Records excerpted from a collection:
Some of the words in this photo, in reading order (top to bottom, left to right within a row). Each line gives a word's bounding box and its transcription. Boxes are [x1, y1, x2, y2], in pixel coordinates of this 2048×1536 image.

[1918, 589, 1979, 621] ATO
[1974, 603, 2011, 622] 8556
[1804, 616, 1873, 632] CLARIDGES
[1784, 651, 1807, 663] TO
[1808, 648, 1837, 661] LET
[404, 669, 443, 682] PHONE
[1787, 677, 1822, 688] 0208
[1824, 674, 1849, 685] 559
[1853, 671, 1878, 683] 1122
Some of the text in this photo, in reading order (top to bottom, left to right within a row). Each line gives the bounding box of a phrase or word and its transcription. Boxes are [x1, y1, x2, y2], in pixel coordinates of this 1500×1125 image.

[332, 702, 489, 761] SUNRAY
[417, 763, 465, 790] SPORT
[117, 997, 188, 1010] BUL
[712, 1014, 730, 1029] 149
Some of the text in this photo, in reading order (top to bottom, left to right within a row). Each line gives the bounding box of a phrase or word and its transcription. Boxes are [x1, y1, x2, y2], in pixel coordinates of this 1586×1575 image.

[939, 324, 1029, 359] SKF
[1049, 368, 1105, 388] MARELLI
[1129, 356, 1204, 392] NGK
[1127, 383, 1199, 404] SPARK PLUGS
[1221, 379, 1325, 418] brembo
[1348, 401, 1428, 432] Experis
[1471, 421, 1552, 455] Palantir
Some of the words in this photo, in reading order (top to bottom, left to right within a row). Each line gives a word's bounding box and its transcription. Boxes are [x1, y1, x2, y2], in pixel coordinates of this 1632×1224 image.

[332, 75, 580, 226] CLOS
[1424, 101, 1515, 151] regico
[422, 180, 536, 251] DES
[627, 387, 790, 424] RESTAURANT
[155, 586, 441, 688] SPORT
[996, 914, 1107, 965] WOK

_Task details:_ Please write out all of the records above, character for character.

_Result of this exercise:_
Some of the words in this photo, in reading order (top to bottom, left to right within a row). Each line gives a word's bounding box and its transcription. Boxes are [x1, y1, x2, y2], in pixel coordinates of this 2048×1536 image.

[1918, 589, 1979, 621] ATO
[1974, 603, 2011, 622] 8556
[1804, 616, 1873, 632] CLARIDGES
[1784, 651, 1807, 663] TO
[1808, 648, 1837, 661] LET
[404, 669, 443, 682] PHONE
[1787, 677, 1822, 688] 0208
[1824, 674, 1849, 685] 559
[1853, 671, 1878, 683] 1122
Some of the text in this photo, in reading order (top to bottom, left to right within a row). Each line gives the bounding box of a phrase or word and its transcription. Boxes are [x1, y1, x2, y2], in pixel coordinates of this 1500×1125 image.

[332, 702, 489, 761] SUNRAY
[417, 763, 465, 790] SPORT
[117, 997, 188, 1010] BUL
[712, 1014, 730, 1029] 149
Some of the text in this photo, in reading order (top to bottom, left to right within a row). Each line gives the bounding box of a phrase or word and its transcription. Boxes are [x1, y1, x2, y2], in pixel coordinates of this 1586×1575 image.

[939, 324, 1029, 359] SKF
[1049, 368, 1105, 388] MARELLI
[1129, 356, 1204, 392] NGK
[1127, 383, 1199, 404] SPARK PLUGS
[1221, 379, 1325, 418] brembo
[1348, 401, 1428, 432] Experis
[1471, 421, 1552, 455] Palantir
Some of the words in this photo, in reading order (top to bottom, left to right within a row). Each line gives a word's bounding box and its transcription. Boxes are [x1, y1, x2, y2], in pixel coordinates of this 1632×1224 image.

[332, 75, 580, 226] CLOS
[1424, 101, 1515, 151] regico
[422, 180, 536, 251] DES
[627, 387, 790, 424] RESTAURANT
[155, 586, 441, 688] SPORT
[996, 914, 1107, 965] WOK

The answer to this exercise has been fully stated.